Overview of the Vulnerability
Unit 42 researchers have identified a vulnerability in Google Cloud Vertex AI's permission model. This flaw allows attackers with compromised credentials to escalate privileges and exfiltrate data across an entire project. The root cause is that Vertex AI's default service agents are granted overly broad permissions, violating the principle of least privilege.
In their proof-of-concept, Unit 42 showed that stolen credentials could be used to gain unrestricted read access to all Google Cloud Storage buckets within a project. This attack doesn't require sophisticated techniques—just the ability to use Vertex AI's legitimate features with service accounts that have excessive access.

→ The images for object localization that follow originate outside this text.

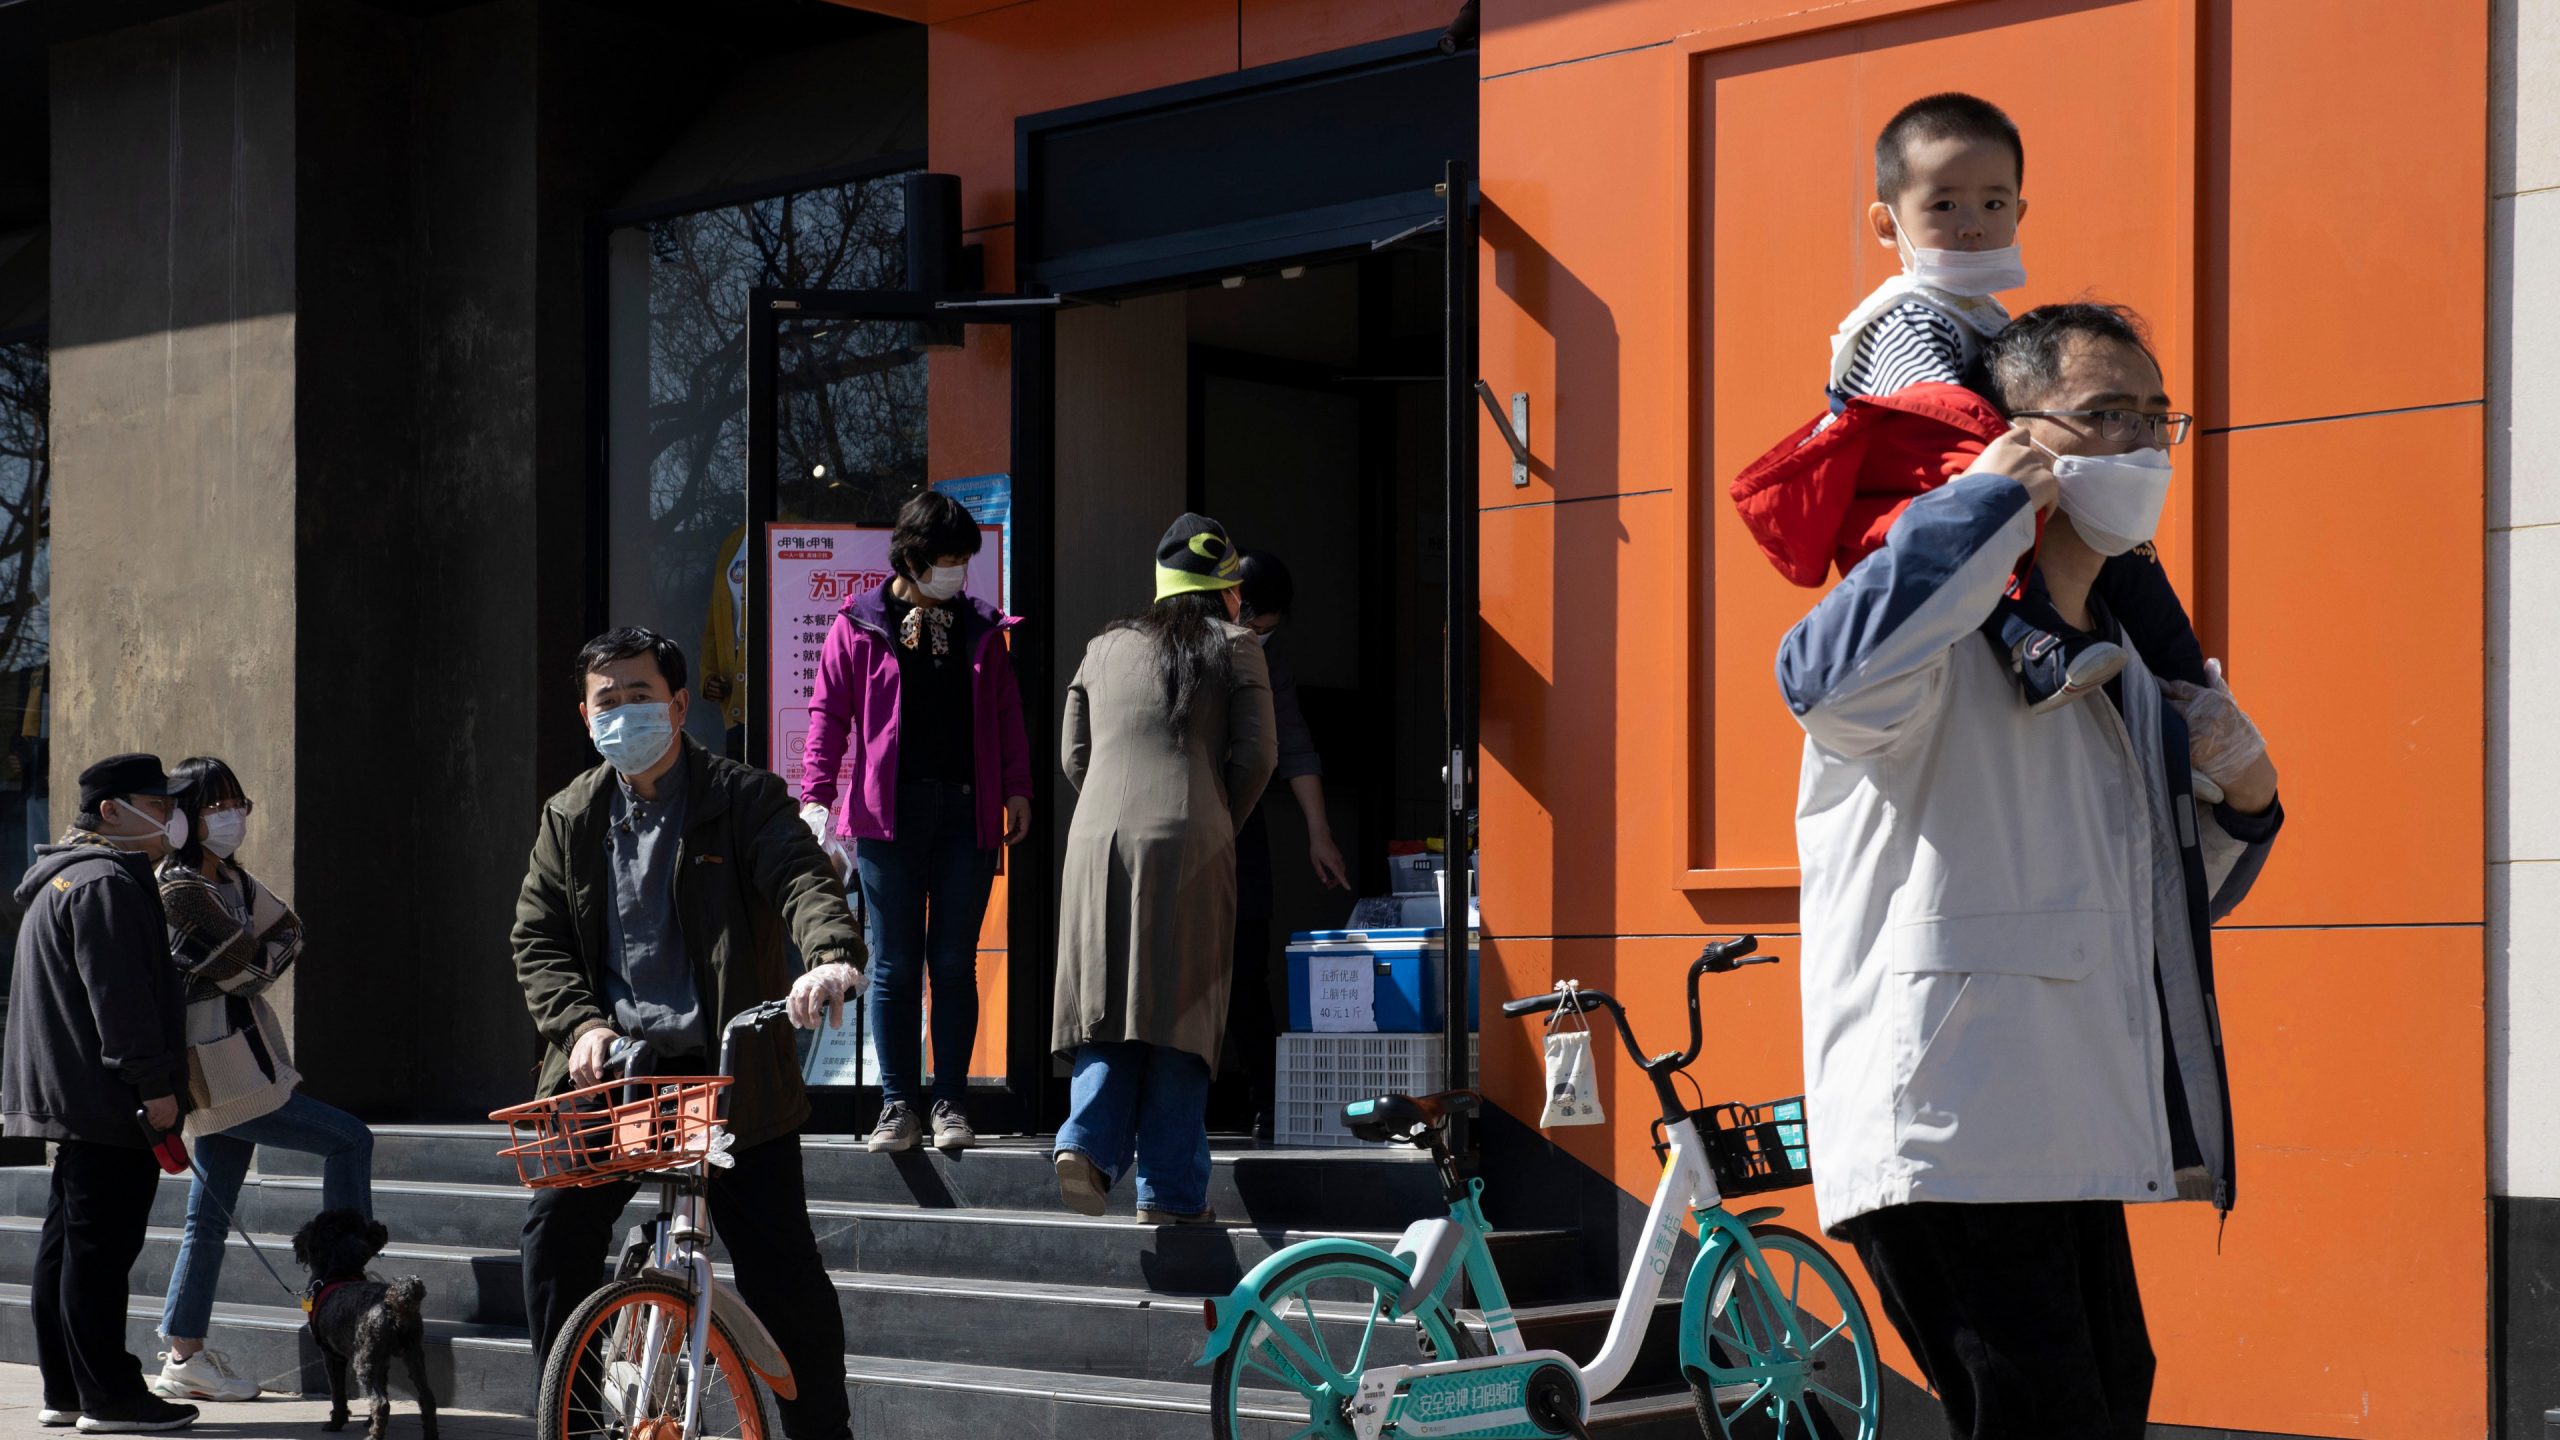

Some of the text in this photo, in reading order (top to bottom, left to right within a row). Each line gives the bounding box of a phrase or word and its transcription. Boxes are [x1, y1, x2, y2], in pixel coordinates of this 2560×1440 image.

[802, 632, 829, 644] 就餐
[803, 668, 819, 679] 推
[1320, 969, 1360, 982] 五折优惠
[1655, 1212, 1681, 1257] 青桔
[1420, 1380, 1520, 1417] 安全免押 扫码骑行

Understanding the Design Flaw
This issue is not tied to a specific incident timeline but represents a design flaw. The excessive permission scoping is a default setting in the platform's architecture. Unit 42's findings highlight that this configuration flaw affects any Google Cloud project using Vertex AI with default service agent permissions.
Failed Controls and Missing Safeguards
Excessive Default Permissions: Vertex AI service agents are automatically given broad access scopes that exceed their functional needs. When you create a Vertex AI resource, service accounts are generated with permissions that span multiple services and storage locations within your project.

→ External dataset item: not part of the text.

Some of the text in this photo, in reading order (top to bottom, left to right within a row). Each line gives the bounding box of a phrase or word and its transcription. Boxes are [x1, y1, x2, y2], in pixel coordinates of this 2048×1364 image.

Lack of Permission Boundaries: The default setup lacks resource-level access controls. A service agent needing access to one specific bucket instead receives access to all buckets in the project, fundamentally violating the least privilege principle.

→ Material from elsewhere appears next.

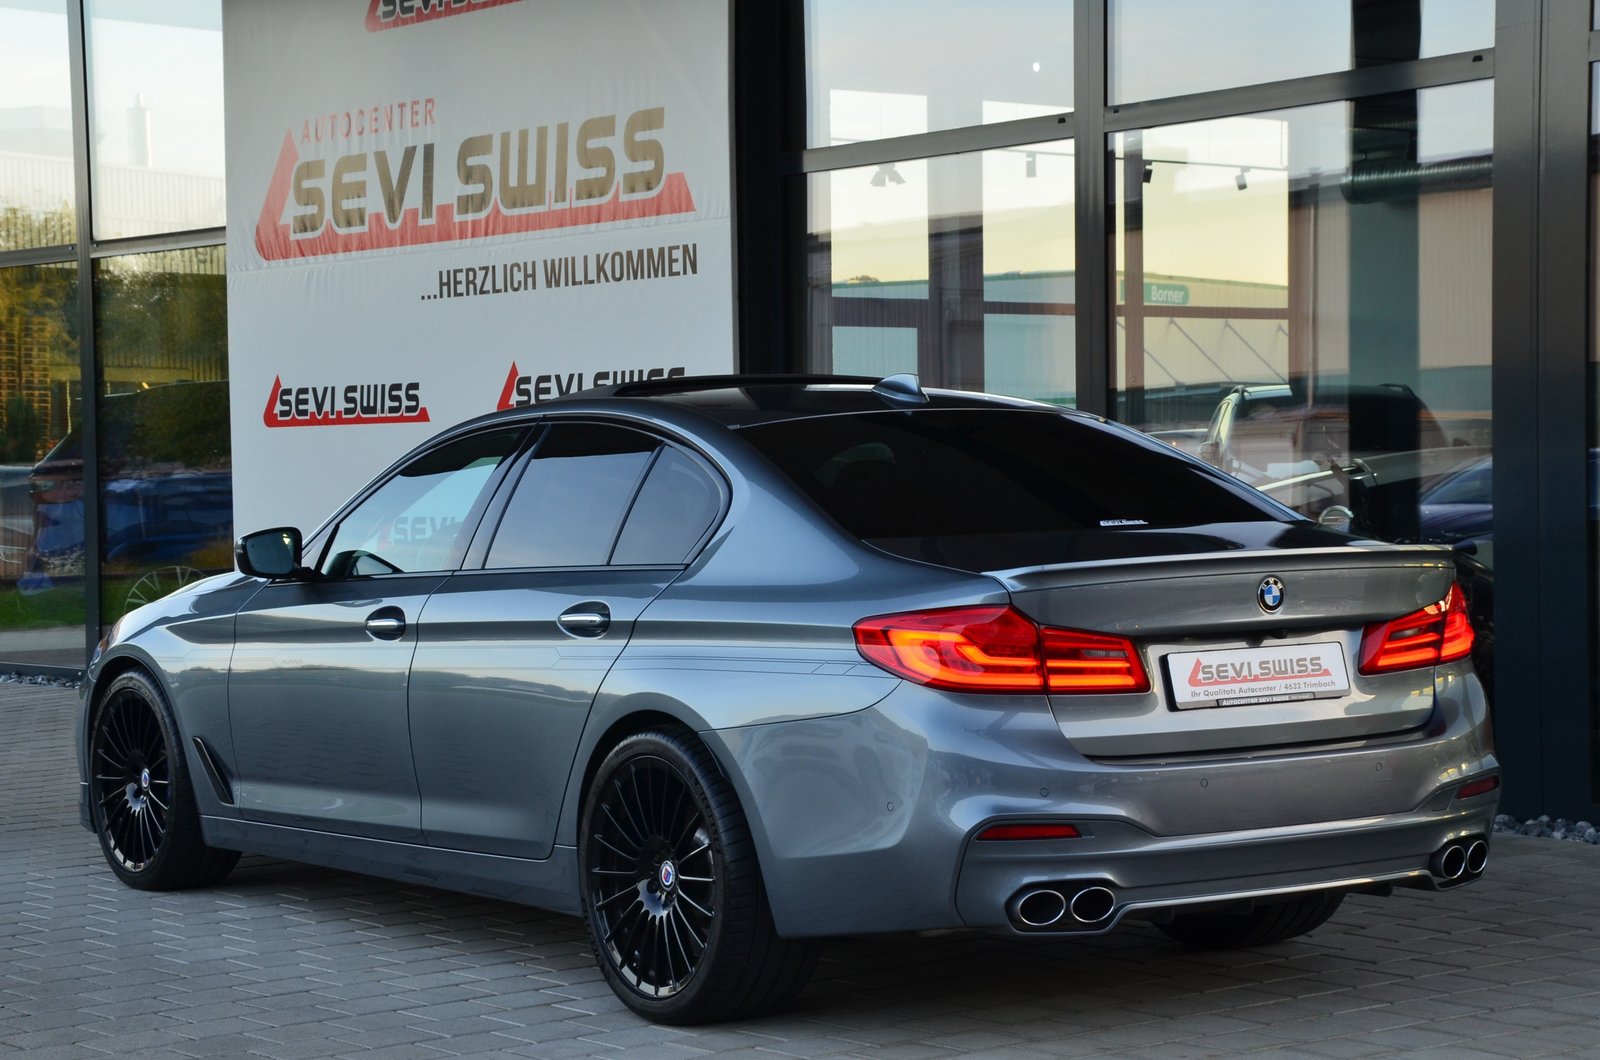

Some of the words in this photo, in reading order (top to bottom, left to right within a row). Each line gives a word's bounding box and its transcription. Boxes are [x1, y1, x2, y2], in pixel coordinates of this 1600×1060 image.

Insufficient Credential Isolation: Service agents operate with permissions that cross security boundaries. If credentials for one AI workflow are compromised, an attacker can access data from unrelated workloads within the same project.
Monitoring Gaps for Privilege Escalation: Organizations using default configurations may lack visibility into how service agents use their permissions. While Google Cloud audit logs capture API calls, detecting abuse requires understanding what "normal" usage looks like for each service agent, which is challenging when permissions are overly broad.
Compliance Requirements
ISO/IEC 27001:2022 Annex A.9.2.3 mandates restricting and controlling privileged access rights. Service accounts, considered privileged identities, must have documented permissions and undergo regular reviews.
NIST 800-53 Rev 5 AC-6 emphasizes granting only the minimum necessary privileges. The control enhancement AC-6(1) requires that access to security functions and information be authorized only for explicitly approved personnel or processes.
PCI DSS v4.0.1 requires that access to system components and data is based on job classification and function, adhering to the least privilege principle. Default service agent permissions can create compliance gaps if Vertex AI workloads involve cardholder data environments.
SOC 2 Type II CC6.3 requires restricting logical access through access control software and rule sets. For cloud service accounts, this means implementing custom IAM policies rather than relying on platform defaults.
Actionable Steps for Your Team
Implement Custom Service Accounts: Use Google Cloud's Bring Your Own Service Account (BYOSA) to replace default service agents with custom service accounts. This allows you to manage permissions through your IAM policies. For each Vertex AI resource, create a dedicated service account with permissions limited to the necessary resources.
Audit Vertex AI Deployments: Use gcloud projects get-iam-policy to identify service accounts with names containing "gcp-sa-aiplatform". Review permissions for each account, documenting which Vertex AI resources use it, which data stores it needs access to, and whether current permissions exceed that scope.
Segment AI Workloads: Use separate Google Cloud projects to isolate AI workloads with different data sensitivity levels. This limits the impact if credentials are compromised, preventing attackers from accessing unrelated data stores.
Monitor Service Account Changes: Set up automated alerts for new service account creations or IAM policy changes. Real-time visibility into permission changes is crucial for maintaining security.
Document Permission Models: Maintain a control document in your Information Security Management System (ISMS) that covers AI service account management. Include details on determining minimum required permissions, review frequency, approval processes, and detection of unauthorized privilege escalation.
Test Incident Response Plans: Conduct tabletop exercises to simulate compromised service accounts. Ensure your team can quickly identify accessible resources, revoke credentials, and rotate keys without disrupting production workflows.
The Vertex AI permission model vulnerability is a design pattern that requires proactive management. Default configurations prioritize ease of deployment over security. Your responsibility is to implement the controls required by ISO/IEC 27001:2022, NIST 800-53 Rev 5, and PCI DSS v4.0.1, even when the platform does not enforce them.